Thursday, 17 December 2015
Poster Hall (Moscone South)
Alexandra G Konings1,2, Alexander Gruber3, Kaighin A Mccoll1, Seyed Hamed Alemohammad1 and Dara Entekhabi4, (1)Massachusetts Institute of Technology, Civil and Environmental Engineering, Cambridge, MA, United States, (2)Stanford University, Stanford, CA, United States, (3)Vienna University of Technology, Vienna, Austria, (4)Massachusetts Institute of Technology, CEE, Cambridge, MA, United States
Abstract:
Validating large-scale estimates of geophysical variables by comparing them to in situ measurements neglects the fact that these in situ measurements are not generally representative of the larger area. That is, in situ measurements contain some `representativeness error’. They also have their own sensor errors. The naïve approach of characterizing the errors of a remote sensing or modeling dataset by comparison to in situ measurements thus leads to error estimates that are spuriously inflated by the representativeness and other errors in the in situ measurements. Nevertheless, this naïve approach is still very common in the literature. In this work, we introduce an alternative estimator of the large-scale dataset error that explicitly takes into account the fact that the in situ measurements have some unknown error. The performance of the two estimators is then compared in the context of soil moisture datasets under different conditions for the true soil moisture climatology and dataset biases. The new estimator is shown to lead to a more accurate characterization of the dataset errors under the most common conditions.
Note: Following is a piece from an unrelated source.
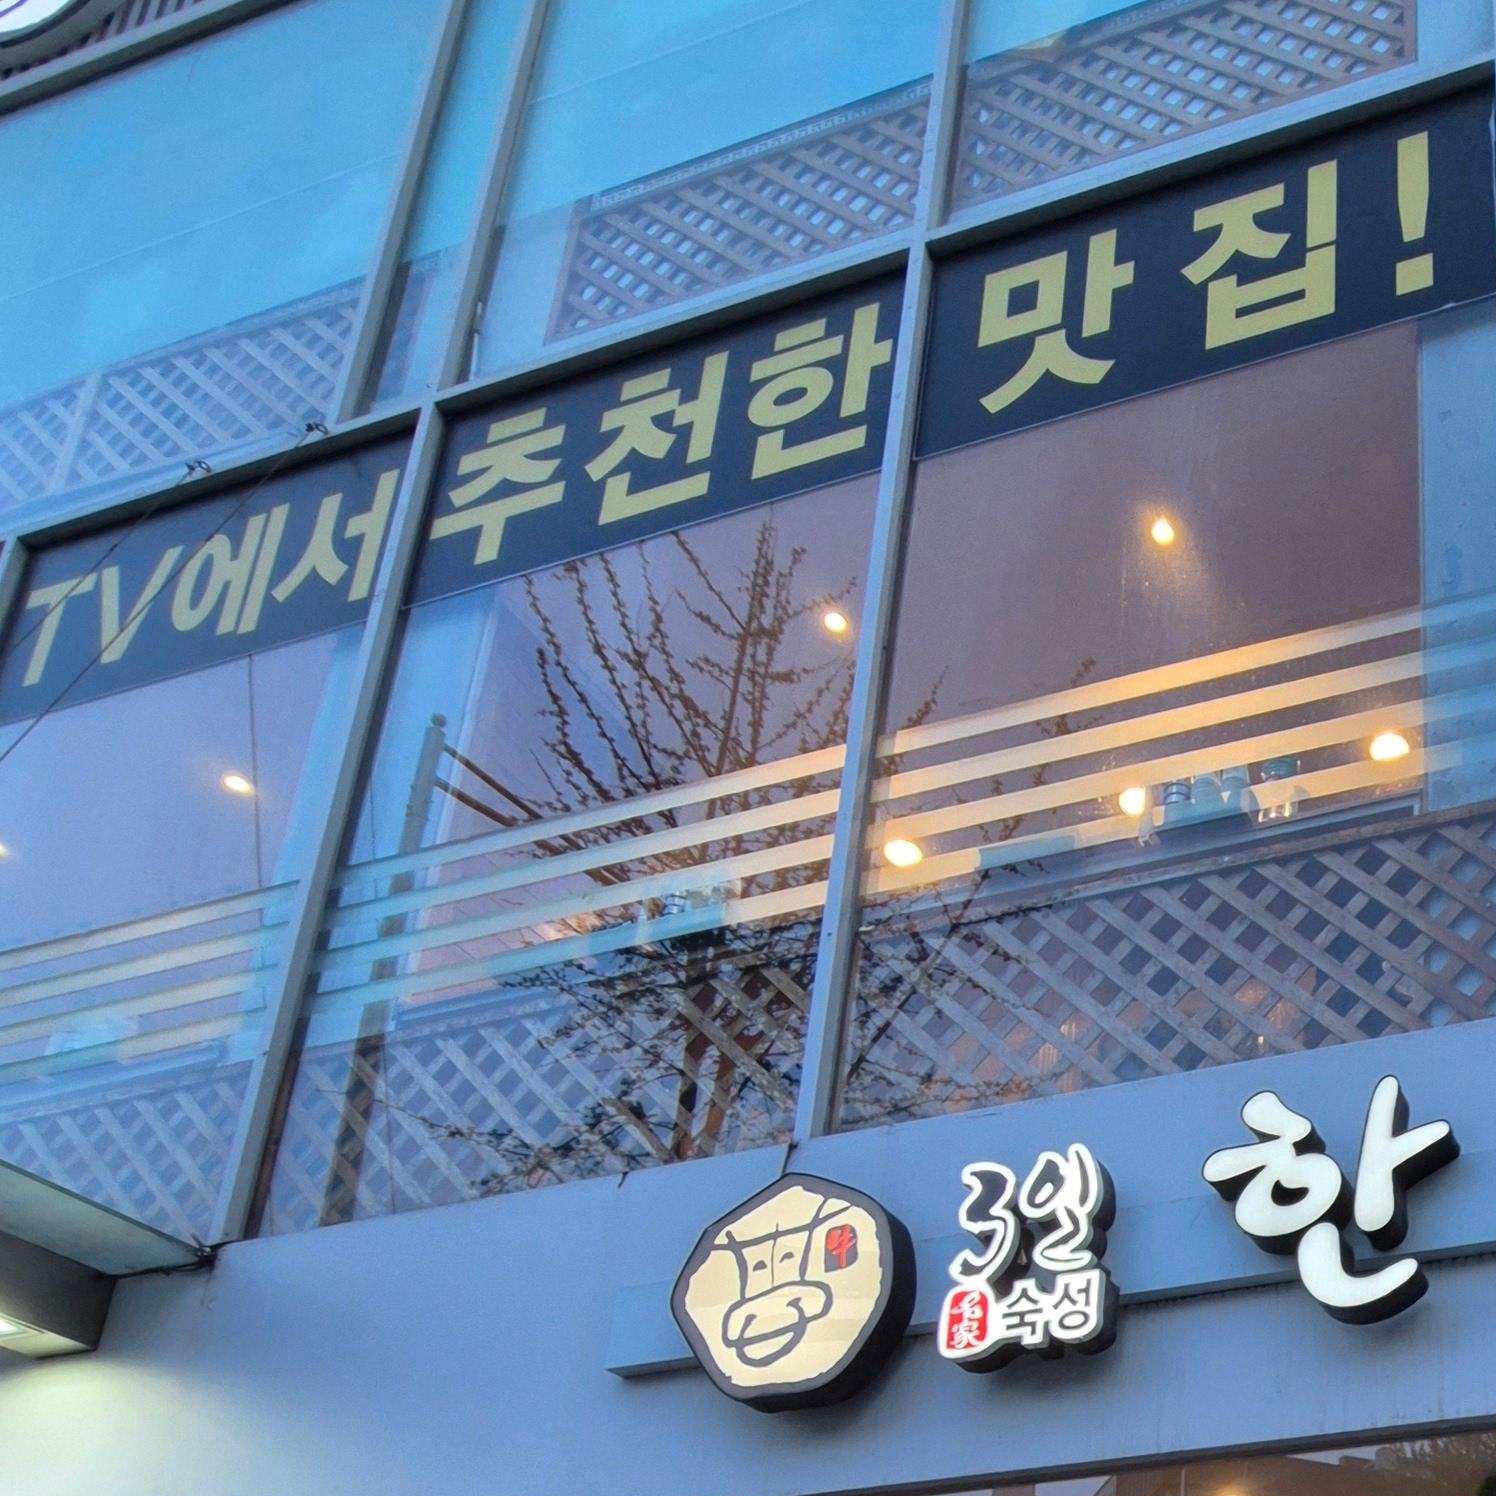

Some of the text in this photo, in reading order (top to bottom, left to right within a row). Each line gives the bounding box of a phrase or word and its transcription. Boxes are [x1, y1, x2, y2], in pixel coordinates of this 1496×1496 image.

[20, 130, 1435, 688] TV에서 추천한 맛집!
[950, 1142, 1098, 1279] 3일
[1001, 1278, 1093, 1338] 숙성
If a third dataset is available, the principles of the triple collocation method can be used to determine the errors of both the large-scale estimates and in situ measurements. However, triple collocation requires that the errors in all datasets are uncorrelated with each other and with the truth. We show that even when the assumptions of triple collocation are violated, a triple collocation-based validation approach may still be more accurate than a naïve comparison to in situ measurements that neglects representativeness errors.